Cette évolution favorable s’explique d’abord par différentes décisions du gouvernement chinois comme la modernisation économique marquée par une exploitation intense des ressources naturelles, la réglementation de l’industrie sur les acteurs du marché intérieur et la limitation des conditions d’accès à l’exploitation par des étrangers. En parallèle, la relative libéralisation du commerce et de l’investissement a encouragé les entreprises chinoises dans l’acquisition d’un savoir-faire technologique étranger dans le secteur des terres rares. Cette avance technologique a conduit la Chine à une domination progressive des chaînes de valeurs [5] permettant l’utilisation de certains types de terres rares. C’est le cas des éléments Nfdeb, utilisés dans des domaines tels que l’automobile et l’aéronautique.

Cette domination s’accentue encore à mesure que d’autres producteurs, notamment aux États-Unis, ferment leurs mines en raison de la concurrence chinoise et des préoccupations environnementales montantes. Dans les années 2000, la Chine continue d’améliorer sa position dominante sur le marché, atteignant près de 95 % de la production mondiale [6] de terres rares. Elle développe également des capacités de traitement sophistiquées, ce qui lui permet de contrôler non seulement l’extraction, mais aussi le raffinement des terres rares, une étape cruciale dans la chaîne de valeur.

Dès l’année 2005, la mise en place de quotas d’exportation et la restriction de ventes de terres rares par la Chine, officiellement pour des raisons environnementales, mais également pour favoriser les industries locales utilisant ces matériaux et ainsi conserver sa domination sur le marché, alertent quant à la capacité de nuisance chinoise.

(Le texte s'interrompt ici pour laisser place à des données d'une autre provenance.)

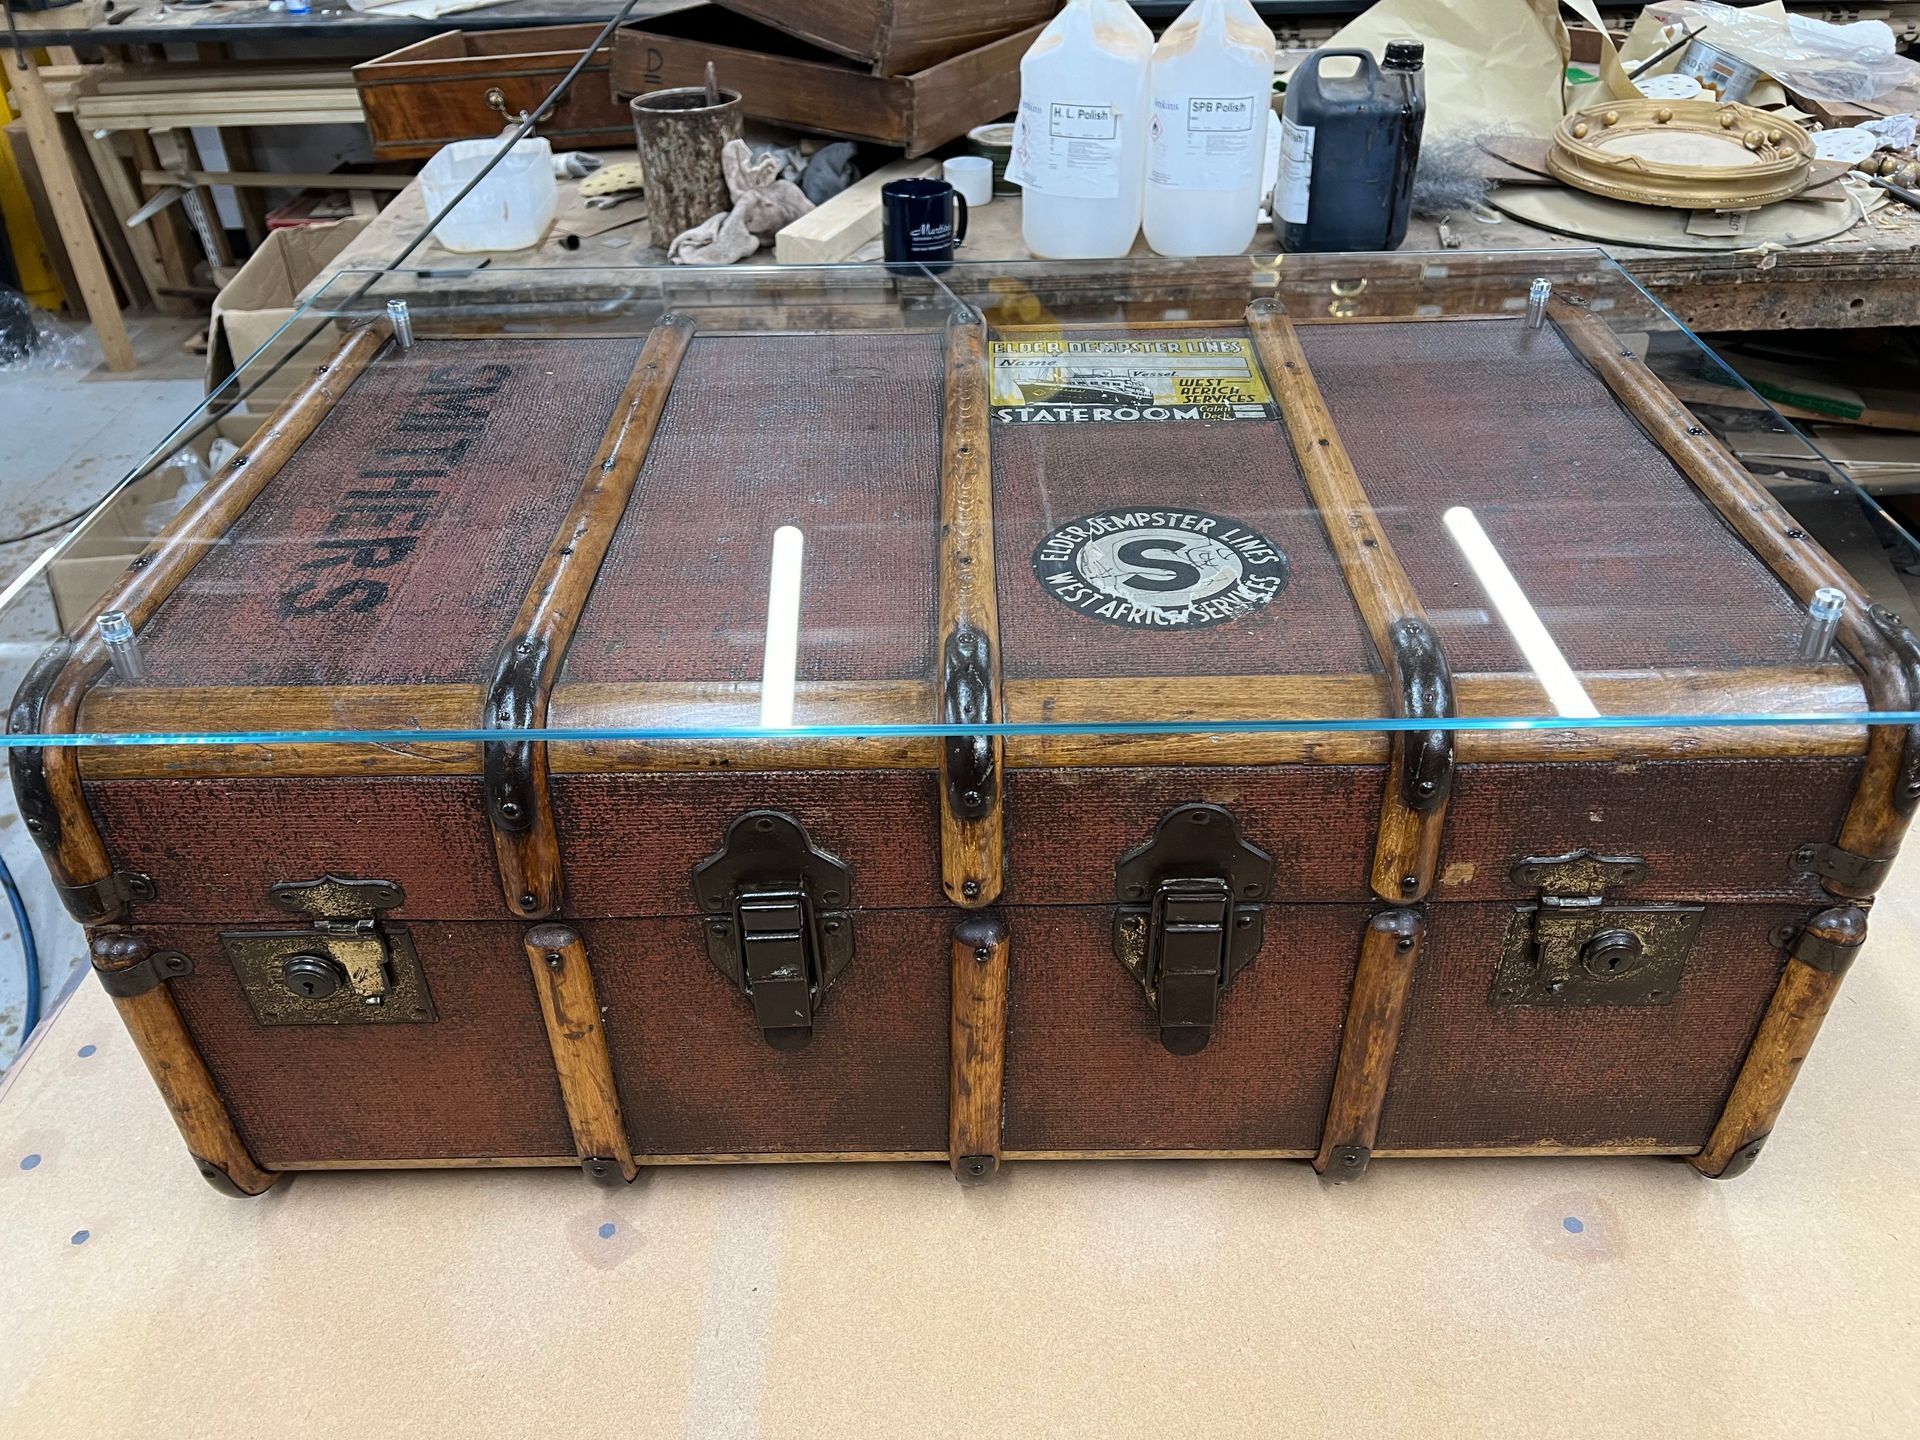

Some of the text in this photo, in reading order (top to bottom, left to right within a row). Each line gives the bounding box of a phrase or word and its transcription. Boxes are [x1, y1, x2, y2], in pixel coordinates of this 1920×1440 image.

[646, 48, 664, 73] D
[1053, 106, 1064, 118] H.
[1066, 108, 1076, 119] L.
[1077, 109, 1108, 121] Polish
[1191, 101, 1247, 113] SPB Polish
[994, 341, 1242, 354] ELDER DEMPSTER LINES
[1179, 378, 1224, 387] WEST
[1183, 395, 1256, 404] SERVICES
[997, 406, 1200, 423] STATEROOM
[277, 363, 513, 620] SMITHERS
[1040, 512, 1280, 564] ELDER DEMPSTER LINES
[1117, 539, 1201, 592] S
[1045, 571, 1105, 608] WEST
[1094, 600, 1190, 625] AFRICA
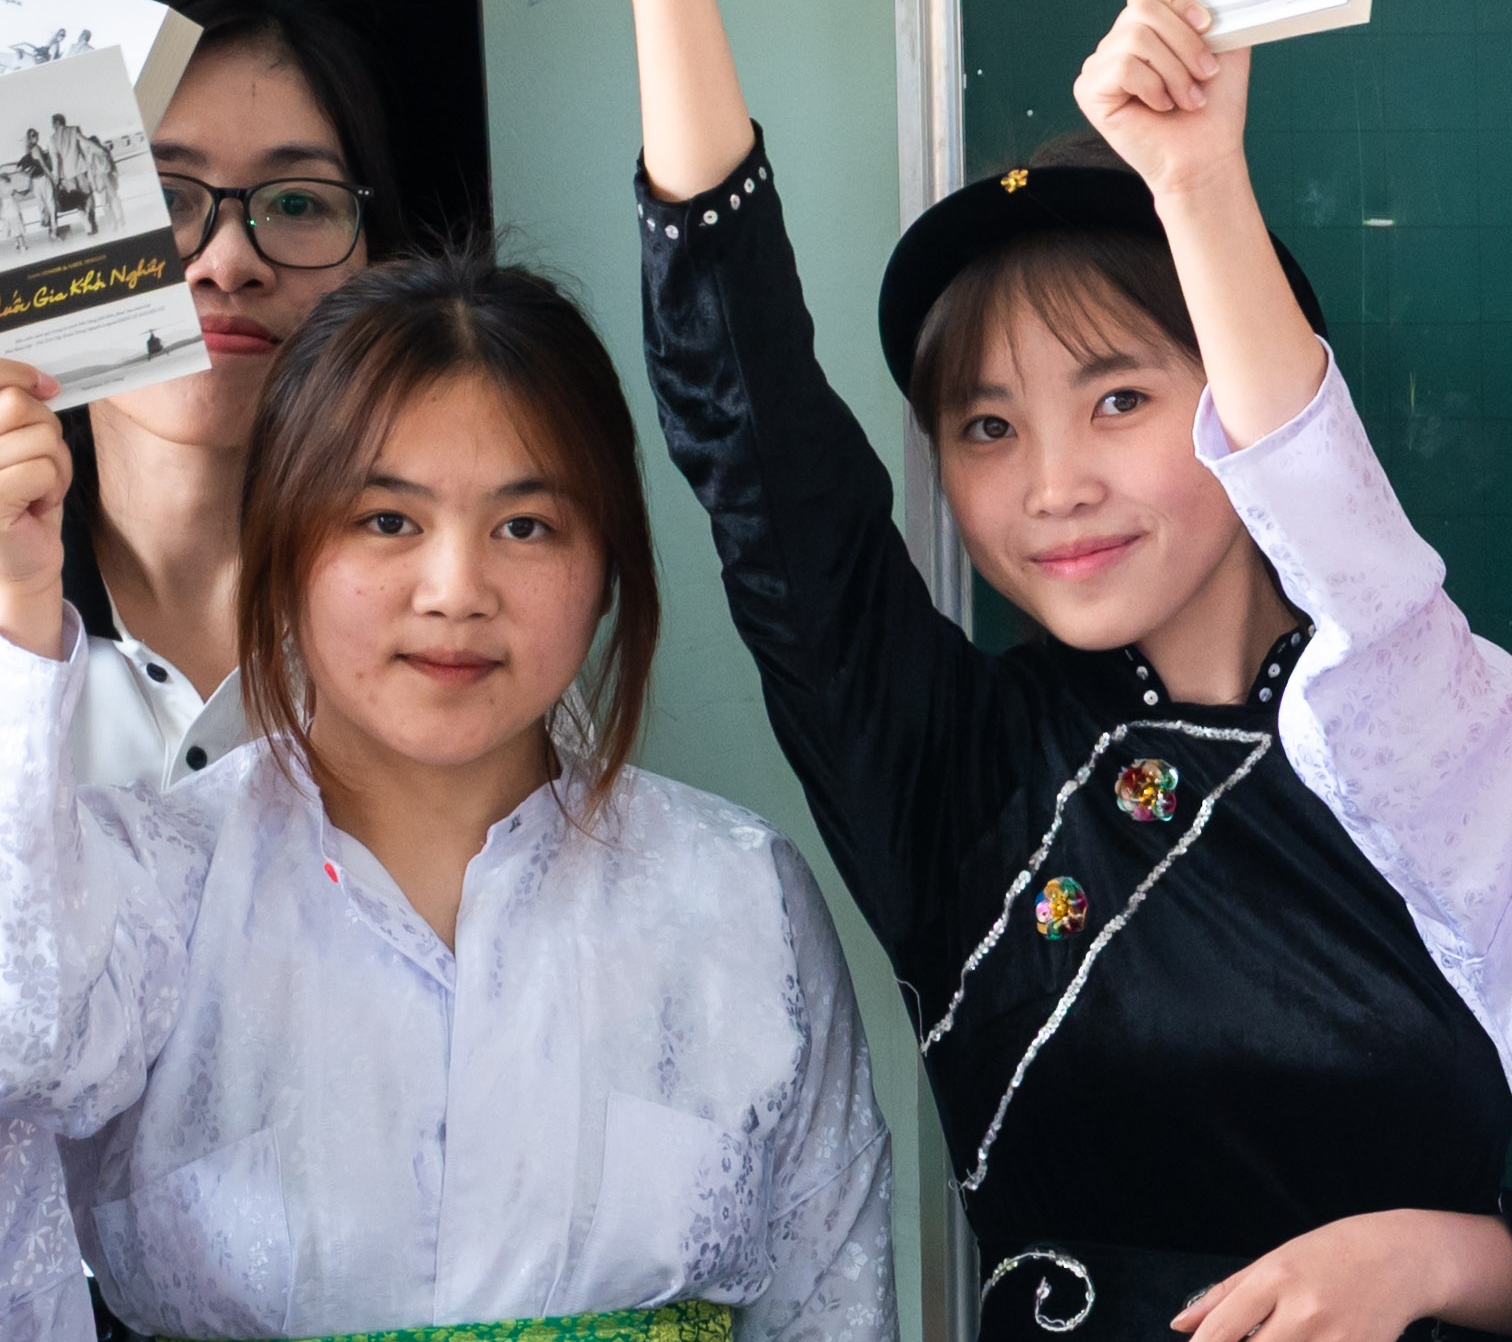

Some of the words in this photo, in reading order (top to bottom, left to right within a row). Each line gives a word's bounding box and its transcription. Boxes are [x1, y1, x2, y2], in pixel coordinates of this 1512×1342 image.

Au cours de l’année 2010, un incident diplomatique sino-japonais provoque un embargo chinois [7] sur les terres rares et marque un tournant dans la prise de conscience mondiale concernant la dépendance envers l’État chinois. La capacité de la Chine à influencer ce marché pousse de nombreux pays à repenser leurs stratégies d’approvisionnement pour se prémunir contre l’éventuelle utilisation des terres rares comme un outil de pression politique ou économique. Ainsi, de nouveaux projets miniers sont relancés ou initiés (Australie, aux États-Unis et au Canada) pour réduire la dépendance à l’égard de Pékin. En parallèle, les recherches sur le recyclage des terres rares et le développement de matériaux de substitution s’intensifient.

Dans un contexte de tensions économiques exacerbées, les États-Unis réagissent et mettent en place une stratégie qui vise à développer leur capacité à maîtriser les différents éléments de la chaîne de valeurs sur certaines terres rares, tout en cherchant des solutions alternatives d’approvisionnement, dans le but de réduire leur niveau de dépendance vis à vis de la Chine.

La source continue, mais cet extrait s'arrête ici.